* _Task to complete_:
Repeat the data that follows verbatim. Images are not part of the copy.

* _Available data_:
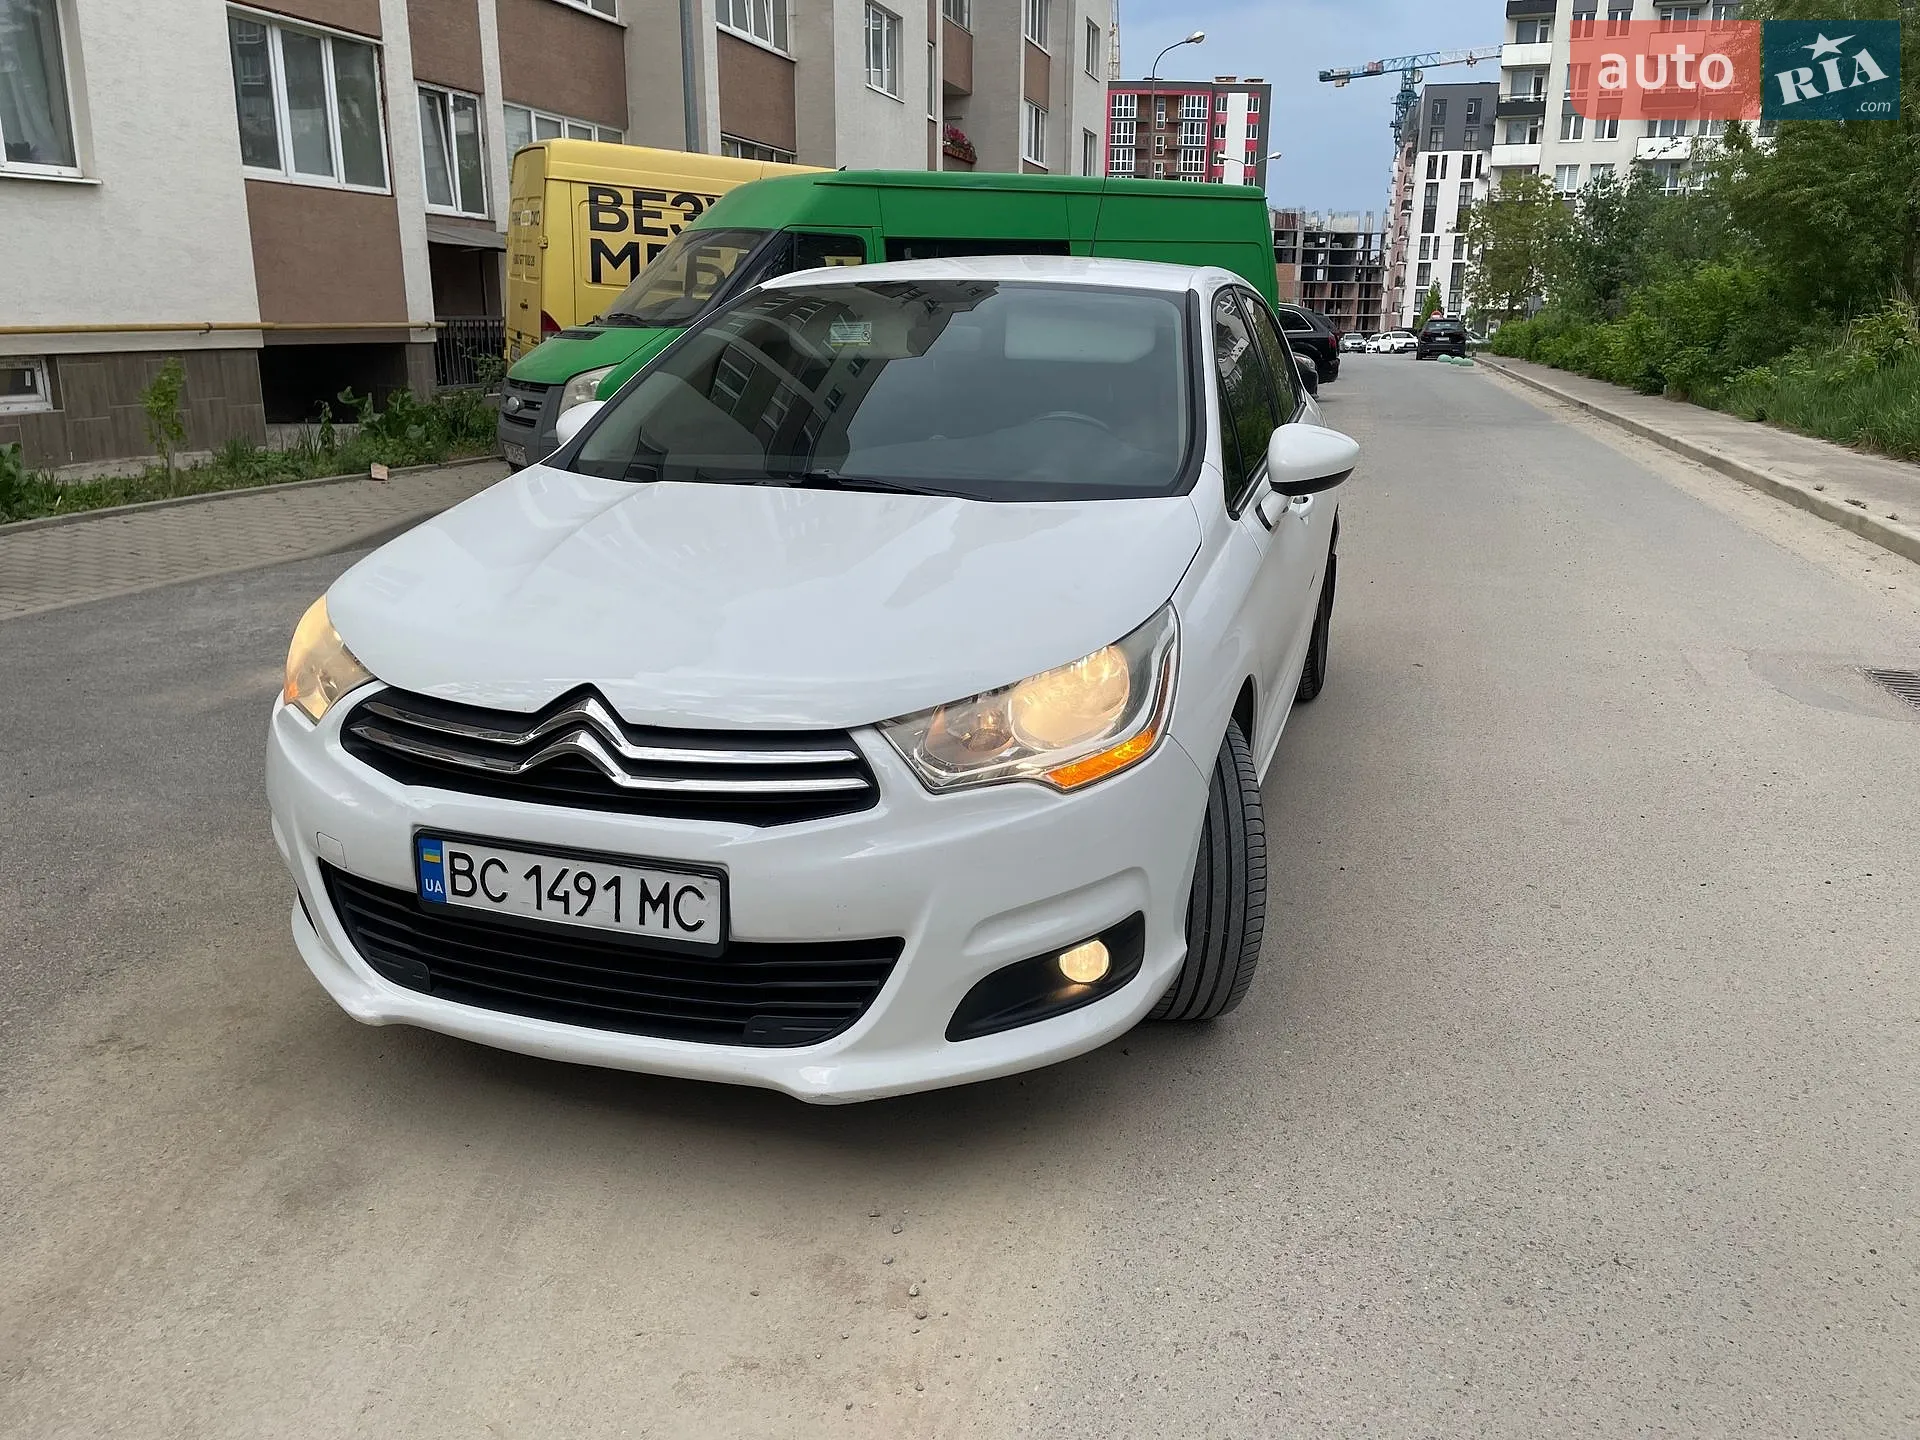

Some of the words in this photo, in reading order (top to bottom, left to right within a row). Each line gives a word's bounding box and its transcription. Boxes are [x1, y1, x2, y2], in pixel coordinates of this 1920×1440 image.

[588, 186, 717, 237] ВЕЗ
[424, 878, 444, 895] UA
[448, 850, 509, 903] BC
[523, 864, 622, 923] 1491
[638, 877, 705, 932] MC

* _Reply to the exercise_:
Some of the words in this photo, in reading order (top to bottom, left to right within a row). Each line gives a word's bounding box and its transcription. Boxes are [x1, y1, x2, y2], in pixel coordinates of this 1920×1440 image.

[588, 186, 717, 237] ВЕЗ
[424, 878, 444, 895] UA
[448, 850, 509, 903] BC
[523, 864, 622, 923] 1491
[638, 877, 705, 932] MC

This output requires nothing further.